Dans le cadre de l’élection présidentielle, La Dépêche de Tahiti a fait parvenir un questionnaire à chacun des candidats déclarés dès le lendemain de la validation de leurs candidatures par le Conseil d’État. Onze candidats, dix questions. À chaque candidat qui aura pris le temps de répondre, deux pages seront ouvertes pour exposer son programme. Malheureusement, à deux jours du scrutin, et malgré plusieurs relances, ni Benoît Hamon ni Jean Lassalle n’ont répondu. Aujourd’hui, le dernier candidat que nous diffusons est François Fillon pour Les Républicains.

Le mandat présidentiel s’achève sur des promesses de François Hollande d’un Accord de Papeete qui pose les bases de nouvelles relations entre l’État et la Polynésie française (fixation de la nouvelle dotation globale d’autonomie, reconnaissance du fait nucléaire, appui financier au service d’oncologie de l’hôpital de Taaone, simplification des procédures d’indemnisation pour les victimes des essais…).
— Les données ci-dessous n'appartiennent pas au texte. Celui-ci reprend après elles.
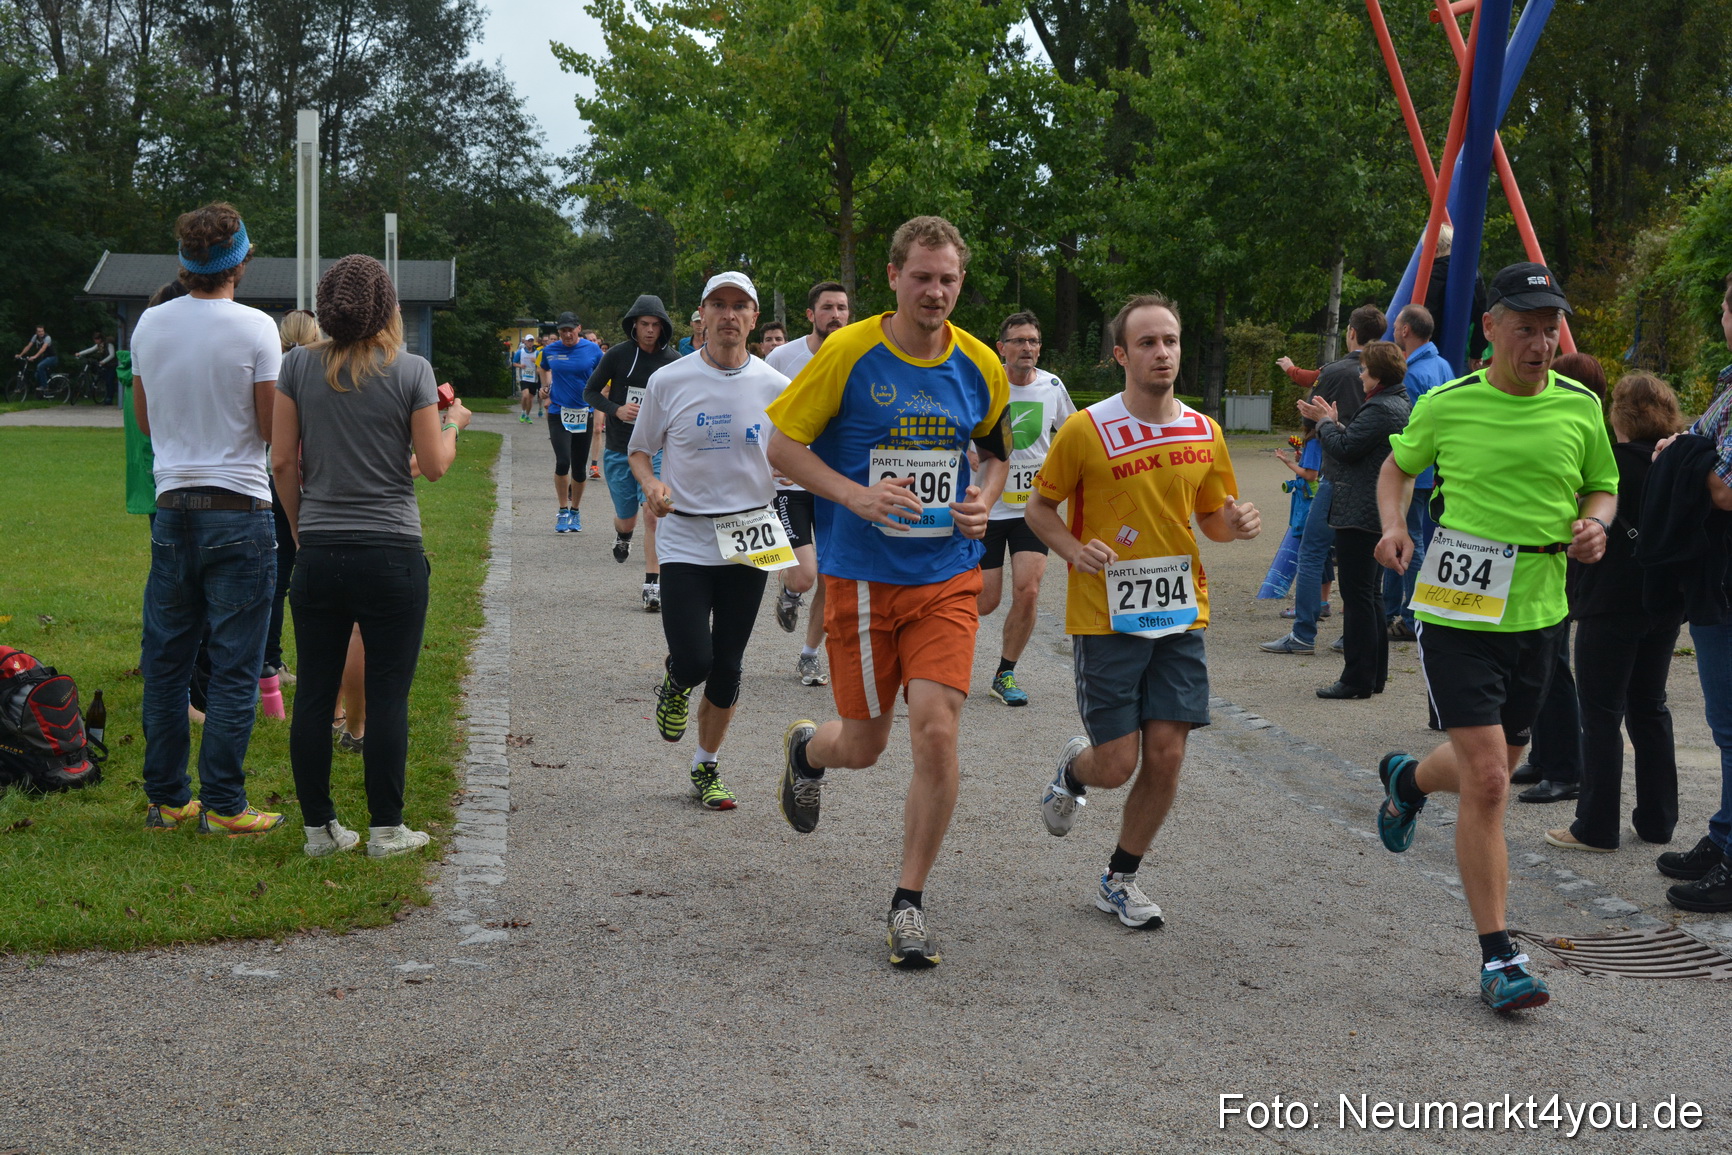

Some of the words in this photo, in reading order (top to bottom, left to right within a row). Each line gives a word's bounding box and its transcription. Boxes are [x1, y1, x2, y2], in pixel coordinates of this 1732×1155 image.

Cet accord devra être signé par le futur président. Le signerez-vous en l’état ? Que souhaiteriez-vous y apporter ?

François Hollande avait beaucoup promis pour les outre-mer, mais il faut faire le constat objectif que les réalisations sont limitées ou bien tardives. C’est ce qui explique l’explosion sociale en Guyane et cela témoigne d’un manque cruel de suivi dans l’action des gouvernements depuis 2012.

L’Accord dit de Papeete arrive trop tardivement, mais il correspond effectivement dans ses grandes lignes aux attentes des Polynésiens. Je veux saluer le travail du président du gouvernement, Édouard Fritch, et de son équipe au service du Pays. J’ai rencontré Édouard Fritch à Paris au mois de février et le Tapura Huiraatira soutient ma candidature à l’élection présidentielle. Nous partageons la même vision et les mêmes objectifs pour la France et pour la Polynésie française. Mon programme, logiquement, en découle.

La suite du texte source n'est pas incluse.